---------- Data provided

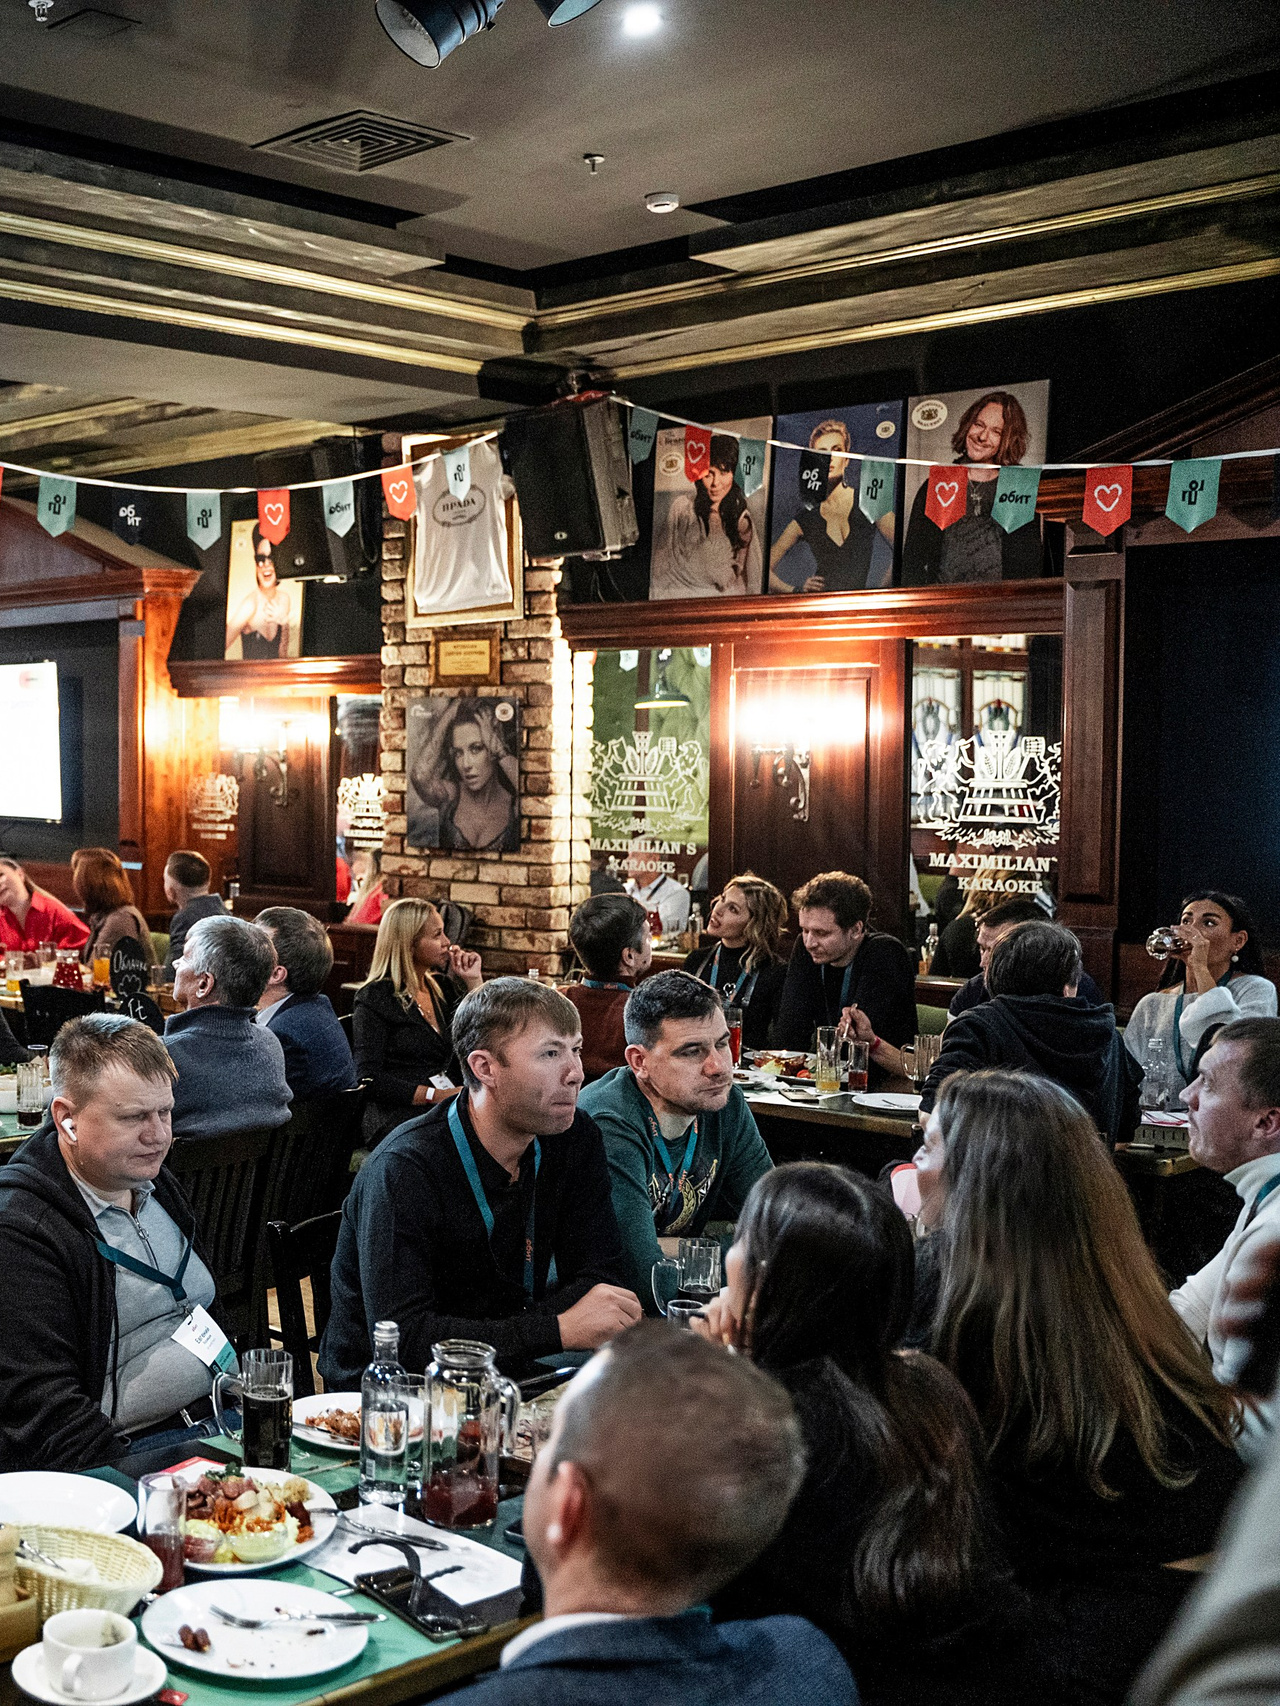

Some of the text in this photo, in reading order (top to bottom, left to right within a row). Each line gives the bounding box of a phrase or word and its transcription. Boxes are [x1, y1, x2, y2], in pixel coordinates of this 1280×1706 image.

[998, 491, 1031, 505] обит
[328, 498, 351, 515] обит
[610, 858, 675, 873] KARAOKE
[957, 877, 1043, 894] KARAOKE

--------------------

• _Activity_: Every record, word for word, should be given back without its pictures.

• _Answer space_:
Some of the text in this photo, in reading order (top to bottom, left to right within a row). Each line gives the bounding box of a phrase or word and its transcription. Boxes are [x1, y1, x2, y2], in pixel coordinates of this 1280×1706 image.

[998, 491, 1031, 505] обит
[328, 498, 351, 515] обит
[610, 858, 675, 873] KARAOKE
[957, 877, 1043, 894] KARAOKE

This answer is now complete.